Aber es gab auch einige Gewinner. Hervorzuheben wären hier die koreanischen Autobauer Kia (+44%) und Hyundai (+15,2%) – die seit Beginn der Finanzkrise im Aufwind sind – genauso wie Porsche und Audi. Mercedes konnte wieder einmal gerade so positive Zahlen ausweisen. Und die Liste der Verlierer war lang und beinhaltete sogar BMW und den Marktführer VW. Die Verkäufe von Ford gingen um 8,8% und die von Opel um 13,2% zurück. Und der Frühindikator für die allgemeine Wirtschaftsentwicklung – die Gewerbefahrzeuge (Busse, Lastkraftwagen und Traktoren) – legte ebenfalls einen steilen Absturz hin.
Am 03.10.2012 war es dann der deutsche Gesamteinkaufsmanagerindex des Fertigungs- und Dienstleistungsbereichs. Der Einkaufsmanagerindex ging im September abermals zurück, nachdem er bereits im August mit der höchsten Rate seit Juni 2009 gefallen war. Mittlerweile ist der Index den siebten Monat in Folge rückläufig, was auf einen Mangel an Auftragseingängen zurückgeht. Die Unternehmen arbeiten gerade ihre Auftragsbücher ab – und wenn das vorbei ist, wird es für die Produktion steil nach unten gehen.

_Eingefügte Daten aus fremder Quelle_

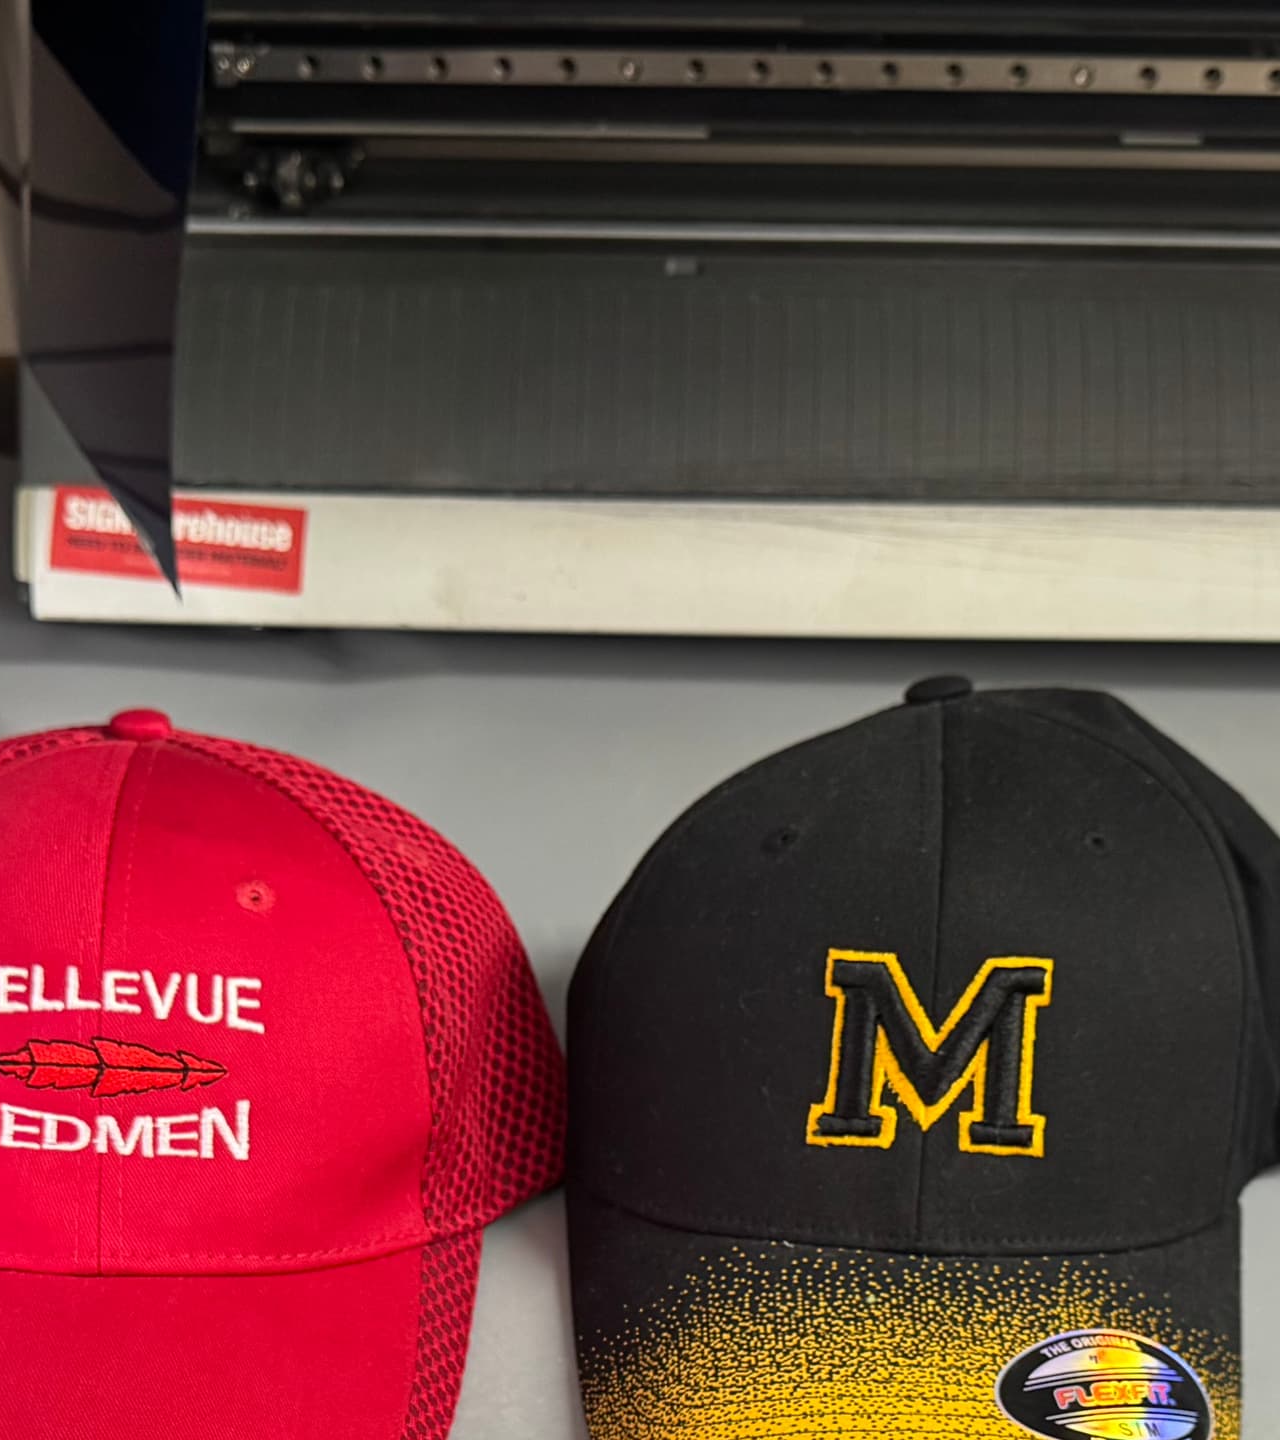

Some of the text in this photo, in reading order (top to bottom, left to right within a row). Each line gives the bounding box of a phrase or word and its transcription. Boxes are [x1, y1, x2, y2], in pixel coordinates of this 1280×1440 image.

Am 04.10.2012 musste die Baubranche ordentlich einstecken. Ja, vor sechs Monaten ging es ihr noch prima. Im September dieses Jahres gingen die Auftragseingänge bei den Bauunternehmen jedoch massiv zurück, wofür eine „gesamtwirtschaftliche Nachfrageabschwächung“ verantwortlich gemacht wird. Außerdem tat der Draghi-Bernanke-Effekt sein Übriges: Die Inflation bei den Produktionsfaktoren nahm an Fahrt auf.
Die Beschäftigung kam ebenfalls unter Druck. Opel und Ford jagen die roten Zahlen aus der Zylinderkopfdichtung, und auch andere Arbeitgeber versuchen zurzeit, die Kosten zurückzufahren. Das ist aber nicht ganz einfach. Zurzeit sind Verhandlungen im Gange, um die Kurzarbeit wieder einzuführen. Und Lufthansa gab gerade erst bekannt, dass es seinen Mitarbeiterstab in der Verwaltung mittels Frühpensionierungen und Abfindungen deutlich verringern wolle.
Selbst der Monster-Beschäftigungsindex, wo das Jahreswachstum bei den Internetwerbungen zu Beginn dieses Jahres noch bei über 30% gelegen hatte, kam am Freitag kräftig ins Schlingern. Im August lag der Index gerade einmal 7% über dem Vorjahreszeitraum, und im Monatsvergleich hat er sogar an Boden verloren und liegt nun 3,2% unter seinem Höhepunkt von April 2012.
Ja und dann kam noch das Blutbad bei den Auftragseingängen der Industriebranche. Saisonal bereinigt gingen sie im August gegenüber dem Vormonat um 1,3% zurück, was weit unter den Erwartungen lag. Die Exportaufträge stagnierten dank einer leichten Verbesserung der Auftragseingänge aus der Eurozone, die im Jahresvergleich jedoch immer noch mit 12,6% im Minus sind. Die Inlandsaufträge gingen aber insgesamt um 3% zurück – bei den Kapitalgütern lag der Einbruch bei 6,8%, was den Beobachtern einfach nur den Atem verschlug.
Und mit den immer leerer werdenden Auftragsbüchern und steigenden Lagerbeständen sieht sich die deutsche Wirtschaft natürlich mit einer zunehmenden Zahl an Herausforderungen konfrontiert. Die Verbraucher sind zurückhaltend geworden. Die Konzerngiganten überschlagen sich mit enttäuschenden Meldungen. Die Metro AG, Deutschlands größter Einzelhändler und Grossist, hat beispielsweise erst vor kurzem eine Gewinnwarnung ausgegeben, wofür sie Schwächen ihrer wichtigsten Märkte verantwortlich macht. Die Aktien gaben daraufhin ordentlich nach.
Aber der Draghi-Bernanke-Effekt wird’s schon richten und sich um die Märkte kümmern, nur keine Sorge. Stattdessen hat Deutschland zurzeit mit der größten Nahrungsmittelvergiftung aller Zeiten zu kämpfen. Aus China. Aber die Exporte nach China sind von entscheidender Bedeutung, weshalb das Debakel – 11.200 deutsche Kinder erkrankten an chinesischen Erdbeeren – natürlich gewissenhaft heruntergespielt wird.